Dow Jones drops at end of trading
NEW YORK -- The Dow industrials dived into the close for the second day in a row Wednesday, matching big losses in the broader market that resulted from aggressive sales of technology shares. The average ended down 101.56 at 9,195.47.
Declining issues outnumbered advancers by a small margin on the New York Stock Exchange, and volume was 878.8 million shares.
Activity bumps stocks off list
New York Stock Exchange listings for companies whose names begin with the letters W, X, Y, or Z were not in The Augusta Chronicle's stock market listing Wednesday.
The newspaper runs an abbreviated listing from the Associated Press that is set up to be a specific size. It includes a mix of set stocks and those which the market considers most active for the day. An unusually high number of active stocks trading after the banking holiday Monday probably bumped the last few stocks off the listing, an Associated Press technician said.
The listing should return to normal for the rest of this week.
New-home building picks up
WASHINGTON -- Defying economists' predictions, builders in January started construction on new houses and apartments at the fastest seasonally adjusted pace in 12 years.
But a separate report on Wednesday showed manufacturing stayed stuck in the doldrums last month.
Housing starts jumped 3.8 percent to a seasonally adjusted annual rate of 1.80 million, the most since December 1986, the Commerce Department said.

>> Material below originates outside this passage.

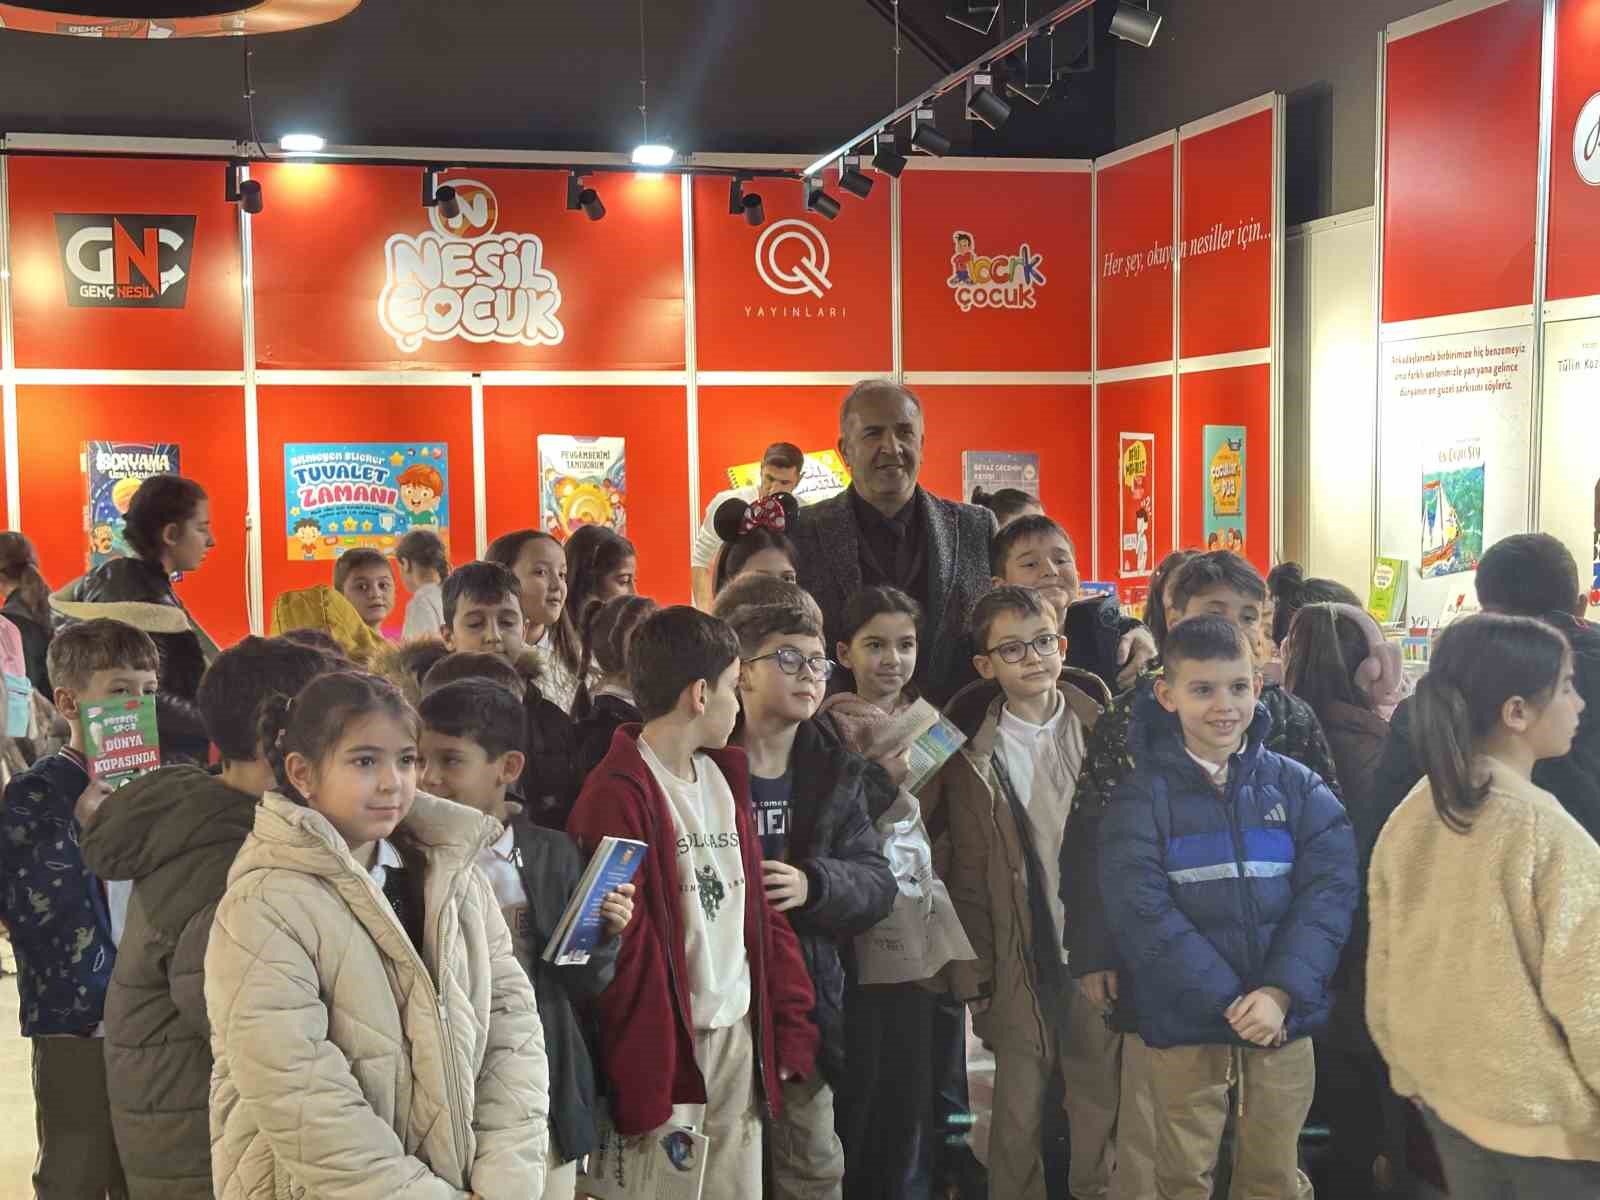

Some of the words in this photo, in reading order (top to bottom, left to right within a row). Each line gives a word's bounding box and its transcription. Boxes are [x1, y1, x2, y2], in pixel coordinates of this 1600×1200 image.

"The only reason housing starts weren't even higher is builders are having trouble ... finding qualified labor and they're having to stretch out their construction schedules," said economist Michael Carliner of the National Association of Home Builders.
Last year, builders started 1.62 million units, an 11-year high, and economists had expected January to mark the start of a modest decline during 1999.
Heinz reducing staff, selling Weight Watchers classes
PITTSBURGH -- H.J. Heinz Co. will cut as many as 4,000 jobs during the next four years, sell its Weight Watchers diet classes and close some factories to boost profits.
The company plans to concentrate on food products, including Heinz ketchup and Star-Kist tuna, officials said Wednesday.
Heinz executives want to save $2.5 billion during the next four years to reinvest in Heinz brands and $100 million to market food in other countries.
BP Amoco announces steep drop in profits
LONDON -- BP Amoco announced a sharp drop in fourth-quarter profits and said it will cut 3,000 more jobs, citing oil prices that are at a 12-year low and a downturn in the refining and chemicals business.
Chief executive Sir John Browne said Wednesday the latest job cuts are on top of 7,000 cuts already announced, amounting to a 10 percent reduction of the work force created when British Petroleum bought Chicago-based Amoco Corp.
British Petroleum's $48 billion purchase of Amoco was completed at the end of 1998.